▸ WORK INSTRUCTION
Set down the records once more, please, exactly and with the pictures left out.

(Data excerpts)
______

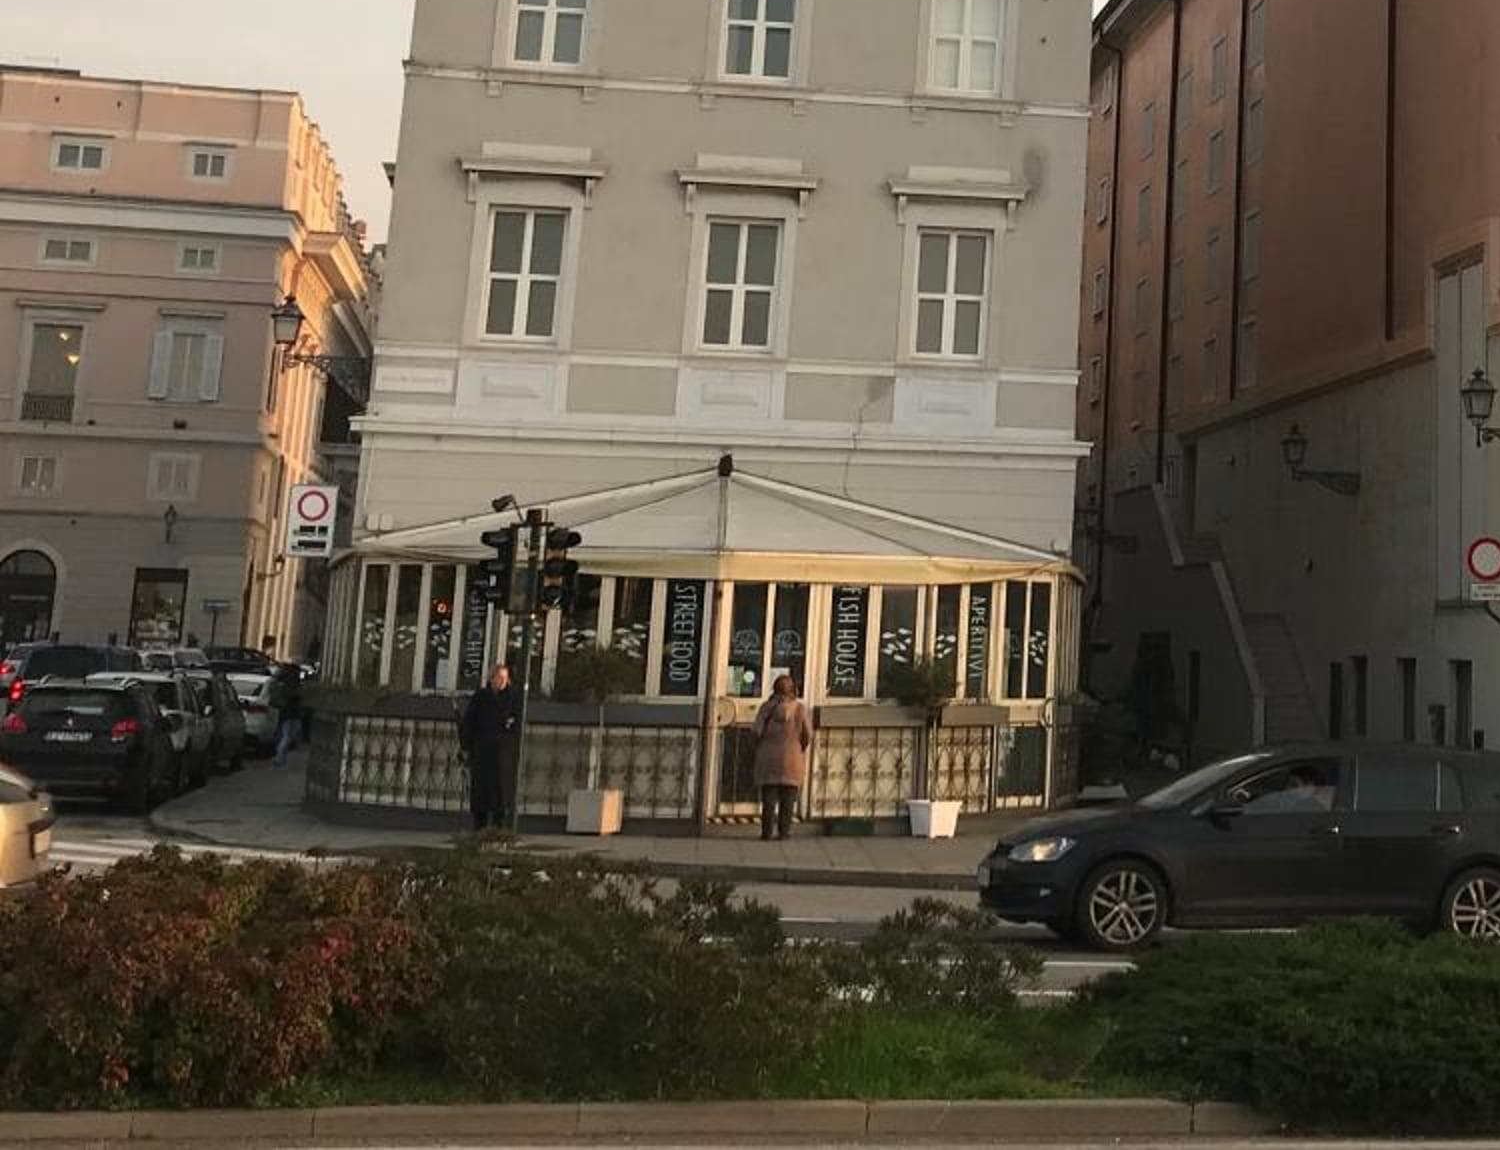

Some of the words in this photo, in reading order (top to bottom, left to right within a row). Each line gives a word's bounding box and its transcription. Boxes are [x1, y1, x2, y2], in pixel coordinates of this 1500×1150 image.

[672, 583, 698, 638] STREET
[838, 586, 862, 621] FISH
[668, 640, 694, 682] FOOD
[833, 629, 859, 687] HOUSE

______

▸ TASK OUTPUT
Some of the words in this photo, in reading order (top to bottom, left to right within a row). Each line gives a word's bounding box and its transcription. Boxes are [x1, y1, x2, y2], in pixel coordinates of this 1500×1150 image.

[672, 583, 698, 638] STREET
[838, 586, 862, 621] FISH
[668, 640, 694, 682] FOOD
[833, 629, 859, 687] HOUSE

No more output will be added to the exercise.